----- Source data -----

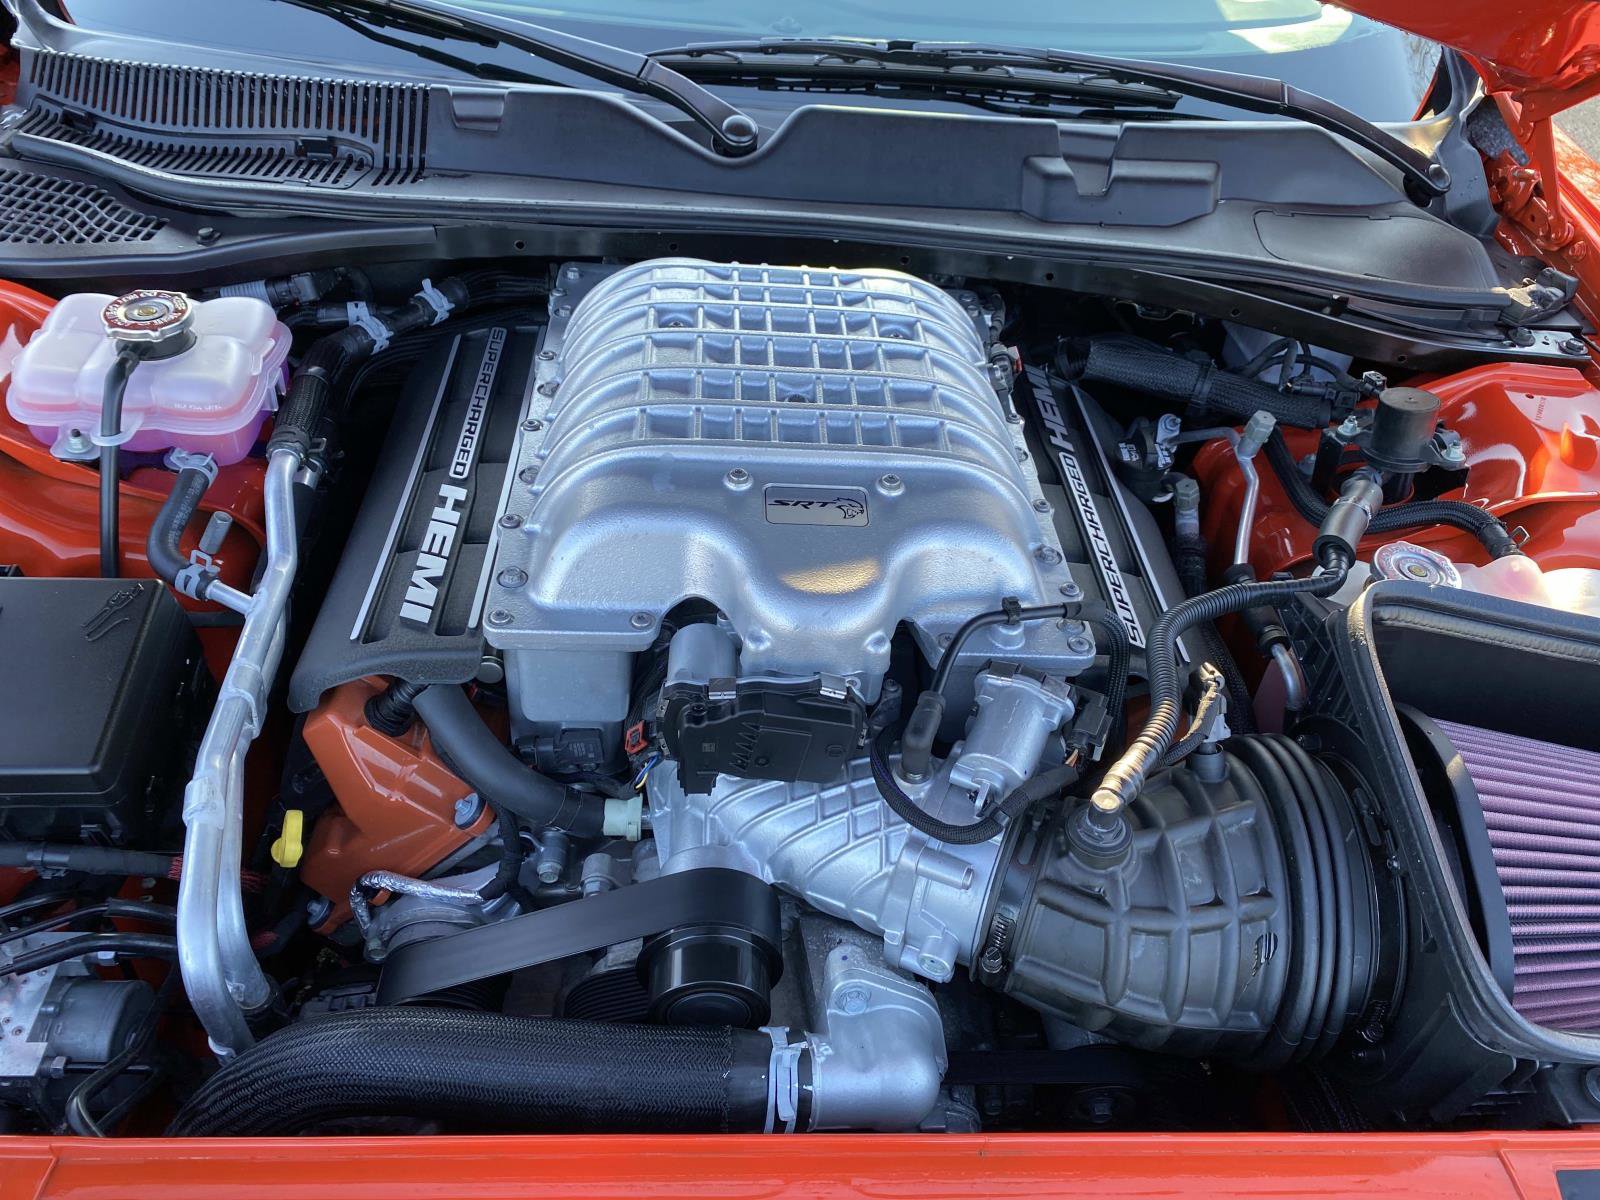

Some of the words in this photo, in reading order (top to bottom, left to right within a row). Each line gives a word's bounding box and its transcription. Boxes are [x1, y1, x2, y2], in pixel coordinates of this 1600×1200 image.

[452, 328, 505, 477] SUPERCHARGED
[1023, 363, 1075, 453] HEMI
[399, 483, 468, 624] HEMI
[767, 499, 838, 510] SRT
[1063, 454, 1145, 648] SUPERCHARGED
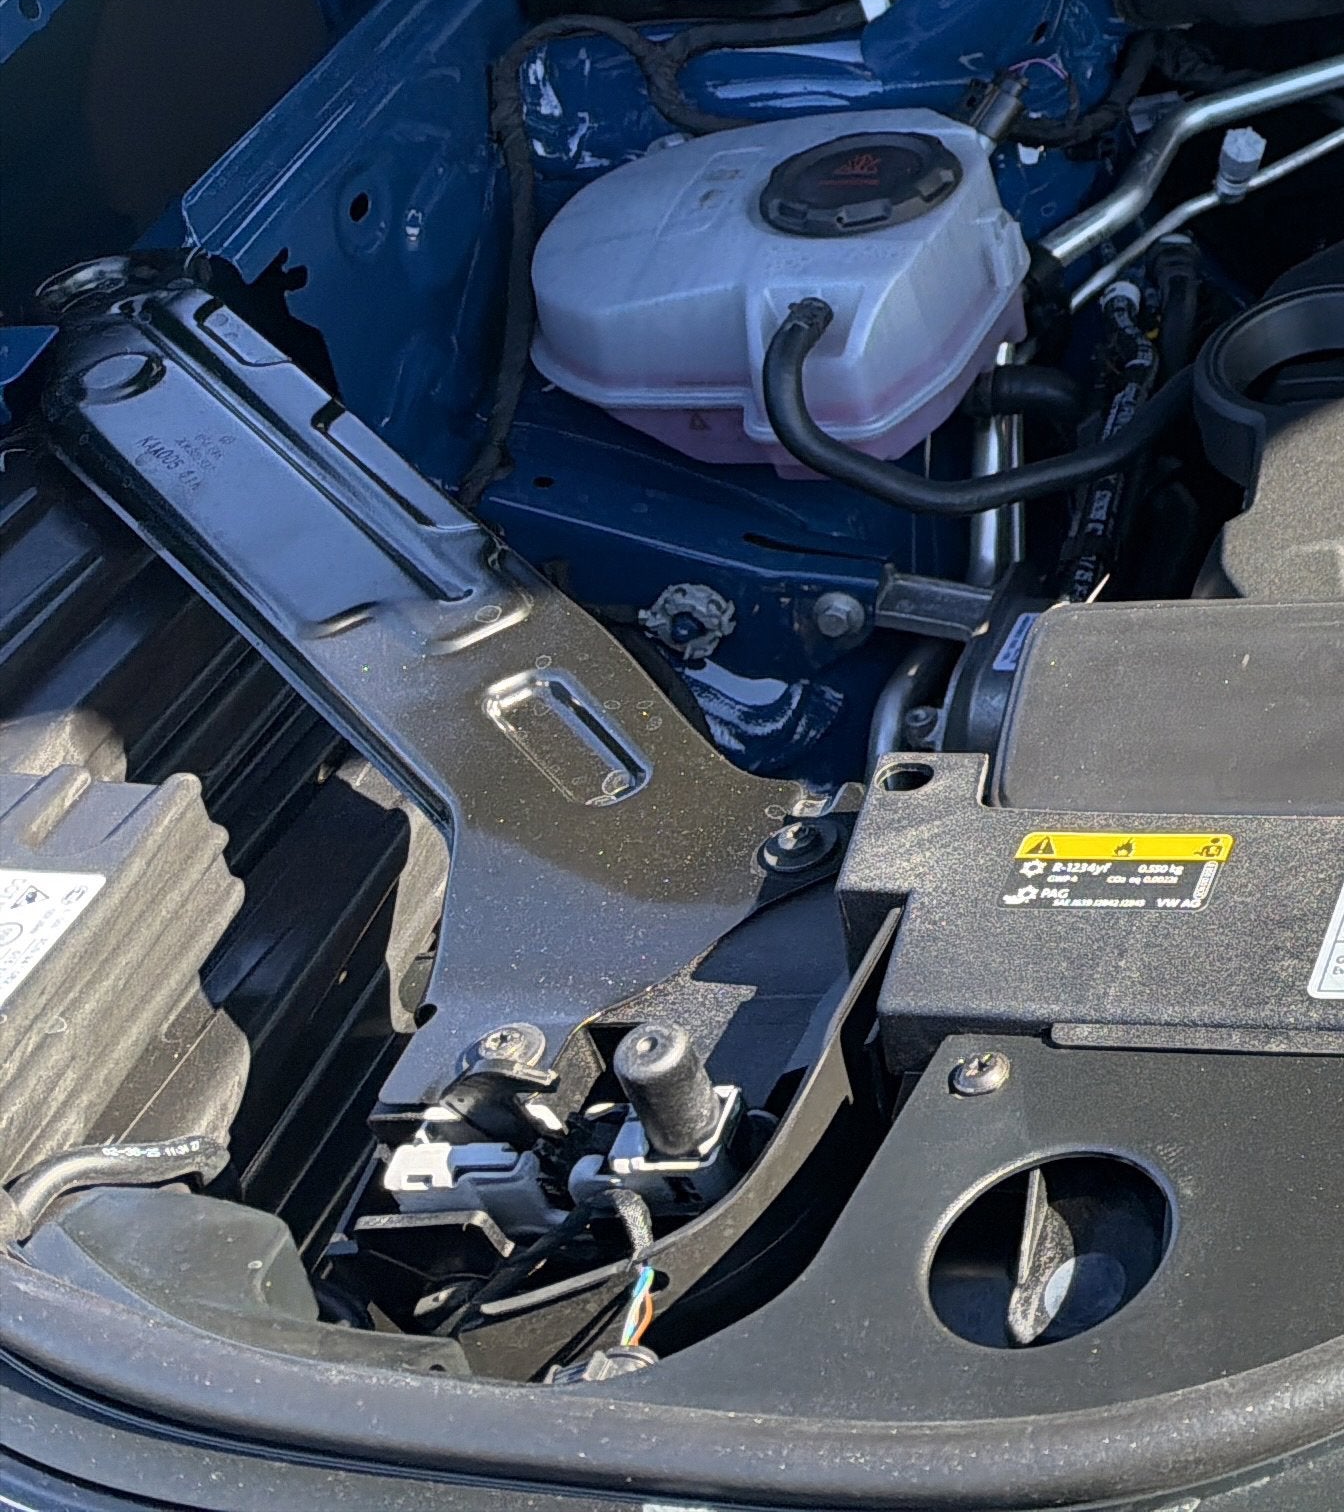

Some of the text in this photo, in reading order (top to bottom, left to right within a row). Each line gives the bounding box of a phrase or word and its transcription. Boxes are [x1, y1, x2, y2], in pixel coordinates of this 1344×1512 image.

[1052, 862, 1112, 876] R-1234yf
[1169, 864, 1185, 876] kg
[1040, 887, 1070, 899] PAG
[1156, 898, 1181, 908] VW
[1180, 898, 1203, 908] AG

-----

__What is needed__
No pictures go in the copy. Set down all the data exactly.

__Response area__
Some of the words in this photo, in reading order (top to bottom, left to right within a row). Each line gives a word's bounding box and its transcription. Boxes are [x1, y1, x2, y2], in pixel coordinates of this 1600×1200 image.

[452, 328, 505, 477] SUPERCHARGED
[1023, 363, 1075, 453] HEMI
[399, 483, 468, 624] HEMI
[767, 499, 838, 510] SRT
[1063, 454, 1145, 648] SUPERCHARGED

Some of the text in this photo, in reading order (top to bottom, left to right within a row). Each line gives the bounding box of a phrase or word and its transcription. Boxes are [x1, y1, x2, y2], in pixel coordinates of this 1344×1512 image.

[1052, 862, 1112, 876] R-1234yf
[1169, 864, 1185, 876] kg
[1040, 887, 1070, 899] PAG
[1156, 898, 1181, 908] VW
[1180, 898, 1203, 908] AG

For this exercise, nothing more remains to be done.